=== Work to complete ===
Pictures must be kept out of the copy. Every entry is to be duplicated exactly.

───── Source material ─────

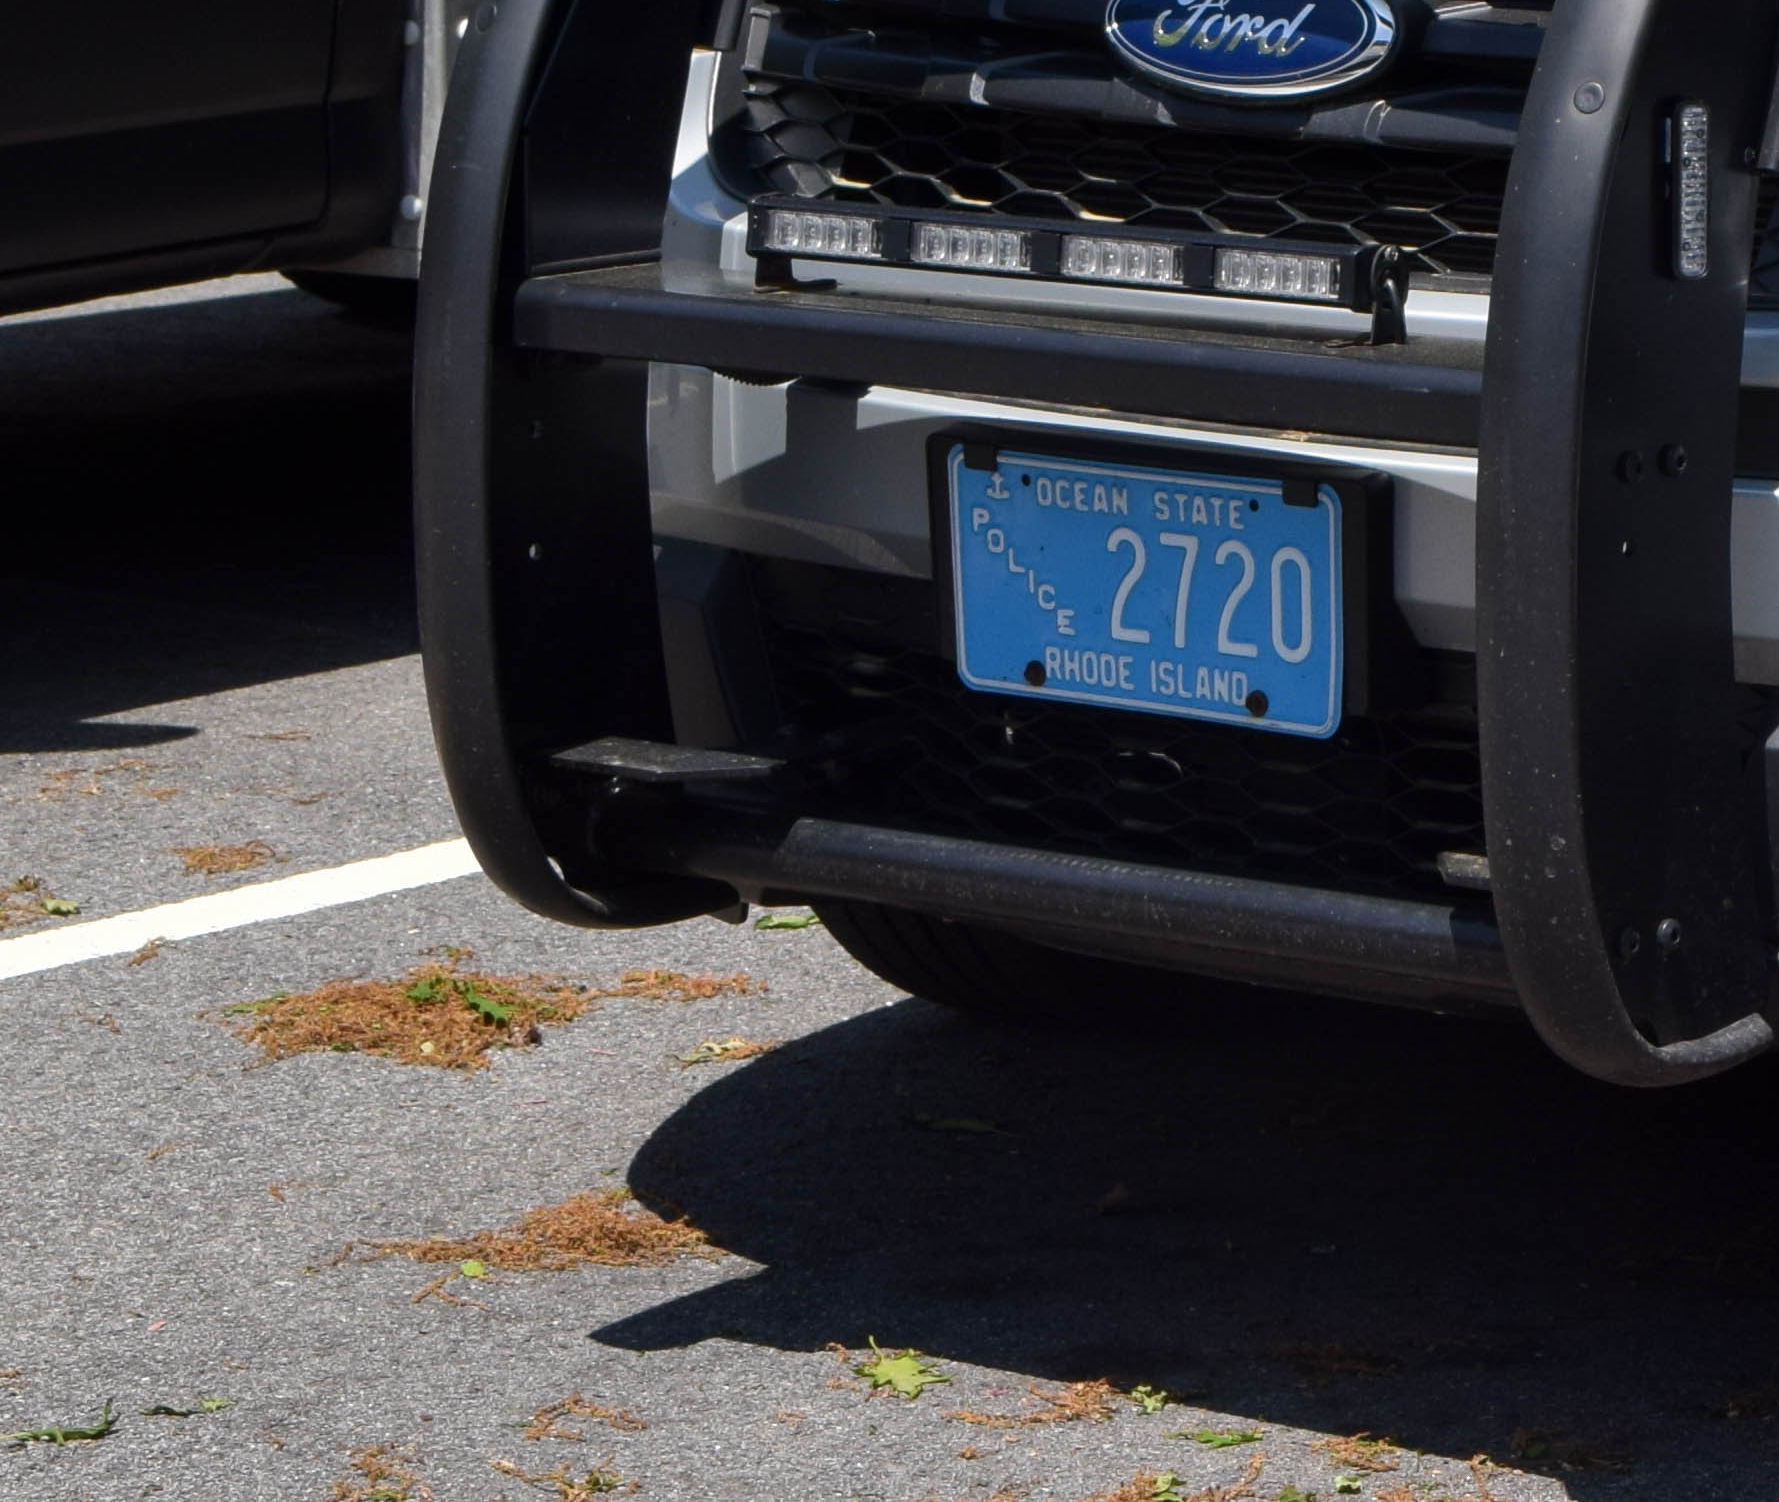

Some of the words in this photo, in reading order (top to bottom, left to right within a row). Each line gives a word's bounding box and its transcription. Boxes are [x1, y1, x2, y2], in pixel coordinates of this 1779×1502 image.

[1036, 476, 1128, 515] OCEAN
[1154, 495, 1245, 531] STATE
[972, 507, 1075, 636] POLICE
[1106, 527, 1312, 664] 2720
[1044, 646, 1135, 691] RHODE
[1150, 660, 1249, 707] ISLAND
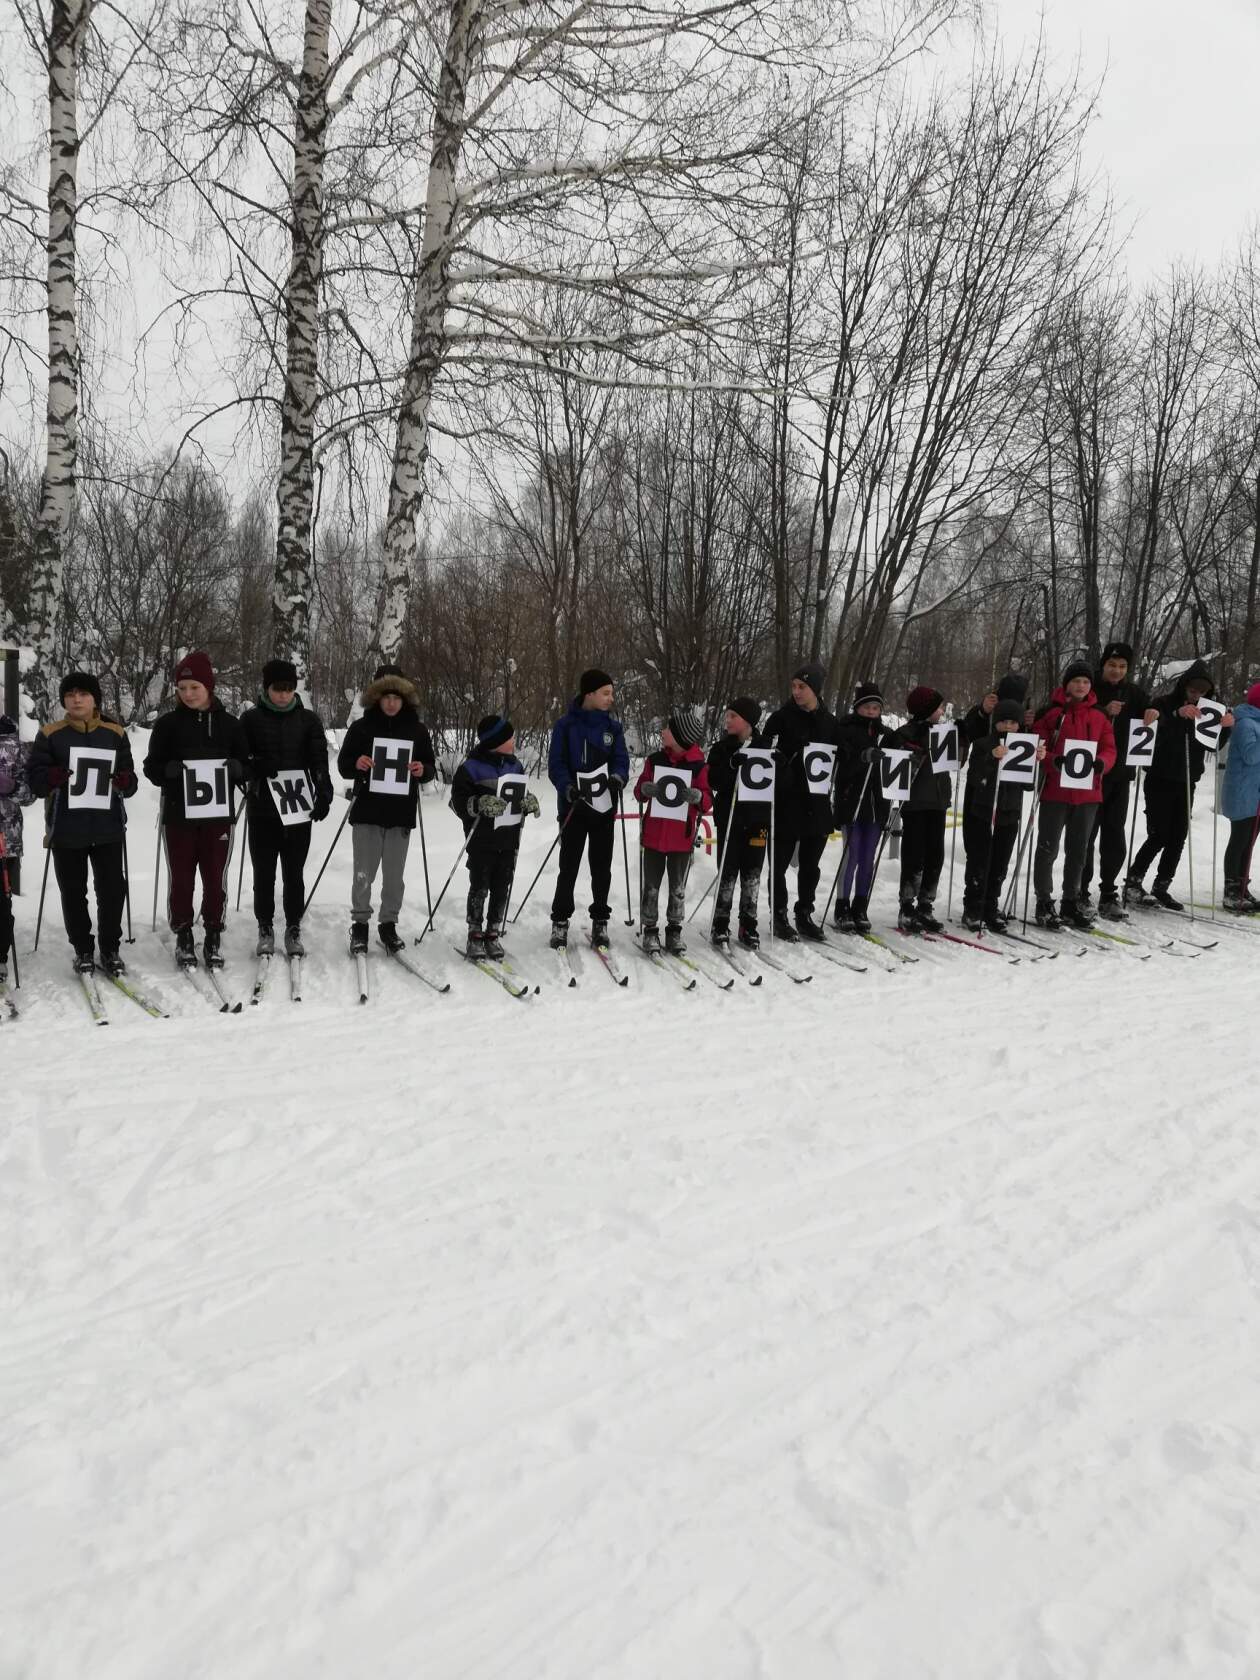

─────

=== Task response ===
Some of the words in this photo, in reading order (top to bottom, left to right within a row). Each line gives a word's bounding box and its transcription. Boxes are [x1, y1, x2, y2], in pixel coordinates of this 1779×1502 image.

[1036, 476, 1128, 515] OCEAN
[1154, 495, 1245, 531] STATE
[972, 507, 1075, 636] POLICE
[1106, 527, 1312, 664] 2720
[1044, 646, 1135, 691] RHODE
[1150, 660, 1249, 707] ISLAND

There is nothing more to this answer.